S.D: Emniyetin tüm işleyişini bildiği için ona göre davranıyor.
Suçlarını kanıtlayamıyorlar. İki yüzü var.
M.A.A: Gerçek hayatta da böyle kişilerle çok karşılaşıyoruz artık.
Kimliğini saklayan biri o da. Bir ara 'Maraz lakabını kaldıralım
mı?' diye konuşmuştuk. Kalmasını özellikle istedim.
* 'Adanalı' da, 'İdil'e aşık olacak diye duymuştum...
Ama 'İdil' ile 'Maraz Ali' arasındaki aşk daha yoğun yaşanacak
sanki...
S.D.: İdil işine aşık bir kadın ama arada
derede kaldığı anlar da oluyor. Maraz Ali'yi aşık etmek isterken,
kendisi ona aşık olacak gibi hissediyorum.
ERKEKLERİN DOĞASI BÖYLE
* Gerçek hayatta hiç bu tarz bir aşka düştünüz mü? Birine ilgi
duyarken, bir diğeri aklınızı kurcaladı mı?
S.D.:
Hayır. Bir ilişki bitmeden diğeri başlamaz, başlıyorsa da yaşanan
ilişki çoktan bitmiştir. Erkeklerde bu daha çok var. Kadınlar
ilişkilerini garantiye almayı seven varlıklar.
M.A.A.: Evet, erkekler bir başkasına daha çabuk kayabiliyorlar.
Tamamen erkeğin doğası ile ilgili. Erkekler nefislerine hakim
olamıyorlar.
KADINLAR ŞEYTANDIR!
* Canlandırdığınız karakteri özel hayatınıza da taşır
mısınız?
M.A.A.: Karakteri üzerime giymiyorum,
kameranın önünde kalıyor. Dışarı çıkınca uzantısını
yaşamıyorum.
S.D.: Üç, iki, bir dendiğinde aşkı hissediyorsunuz, stop dendiği an
bitiyor aşkınız. Kayıt ve stop arası yaşıyorum canlandırdığım
karakteri.
* Her mesleğin insana kattığı farklı yanlar vardır.
Oyunculuk nasıl?
S.D.: Kendimi dahi yeni yeni
tanıyorum. İçimdeki duyguları keşfettikçe şaşırıyorum. Kötülük de,
iyilik de, tutku da var insanın içinde
M.A.A.: Bence herkes oyunculukla ilgilenmeli. İnsan olmak
istiyorsak öncelikle duygulardan haberdar olmalıyız. Bir muhasebeci
de, bir elektrik mühendisi de, satıcı da oyunculuktan çok şey
kapabilir. Hobi olarak da yapabilir. Çünkü oyunculuk sayesinde;
sinir, şiddet nasıl bir şey anlıyorsunuz, neden yaptığınızı
sorguluyorsunuz. Kendinizi dizginliyorsunuz. Biri sizi tahrik
etmeye çalıştığında ne yapmaya çalıştığını daha kolay
kavrıyorsunuz. Kıvrak zeka kazandırıyor insana.

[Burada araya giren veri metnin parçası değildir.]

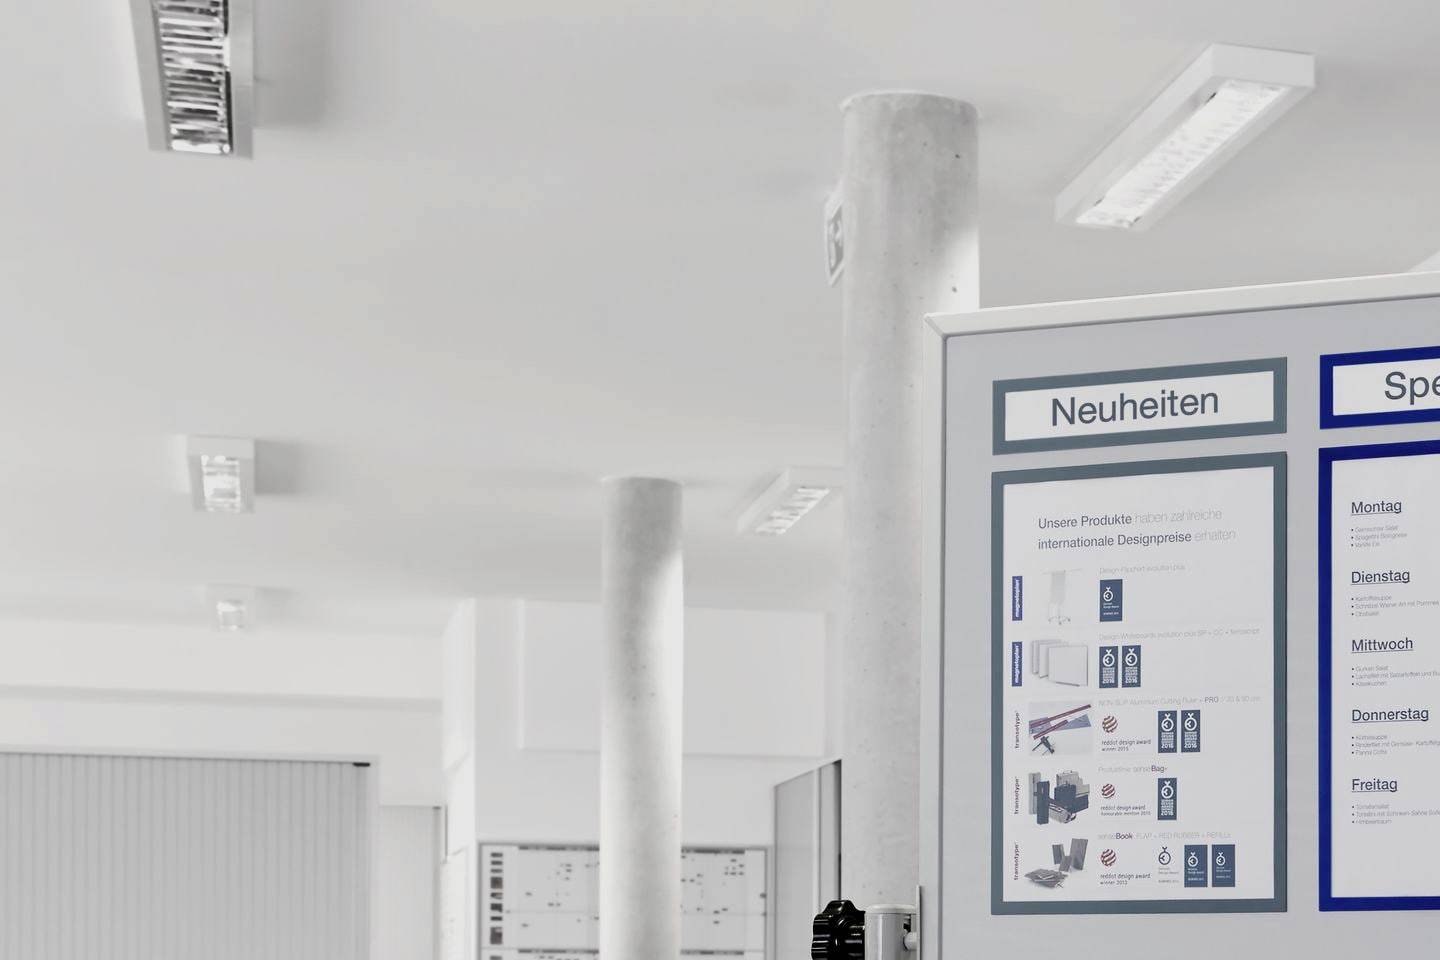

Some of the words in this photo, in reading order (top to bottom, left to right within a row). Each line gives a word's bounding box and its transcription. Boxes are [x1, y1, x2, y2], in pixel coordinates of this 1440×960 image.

* Aşkı özlüyor musunuz bu yoğun çalışma
arasında?
M.A.A.: Ben yaşıyorum zaten... İçimde kötülük barındırmıyorum.
Böylece hayatıma giren her kadınla aşkı çok güzel yaşıyorum.
* Ne kadar güzel, büyük bir şans bu. Zor bir erkek
misiniz?
M.A.A.: Çok kolay değilim.
* Kıskançlık var mıdır?
M.A.A.: Hayır,
kıskanacağım kadınla beraber olmam. Kadının gözleri güven
veriyorsa, ben o kadını kıskanmam. Bazı kadınlar bunu bilinçli
olarak yapıyor. Ben oyun yapan kadınlardan korkarım. Yanıma
yaklaşamazlar.
* Oysa birçok kadın o oyunları seviyor
sanki...
M.A.A.: Kadın küçük bir şeytandır. Küçük
oyunlar yapmayı sever.
S.D.: Ben karşılıklı güvene inanan biriyim. Bir erkek size
güvenmiyorsa, esas sizin ona güvenmeniz gerekir.
M.A.A.: Hani büyüklerin dünyası var ya... Aşkı yok eden o
aslında.
S.D.: Gerçek aşkın platonik olduğuna inanıyorum. Mehmet'in de
dediği gibi, aşk büyüklerin dünyasında çok çabuk yok oluyor.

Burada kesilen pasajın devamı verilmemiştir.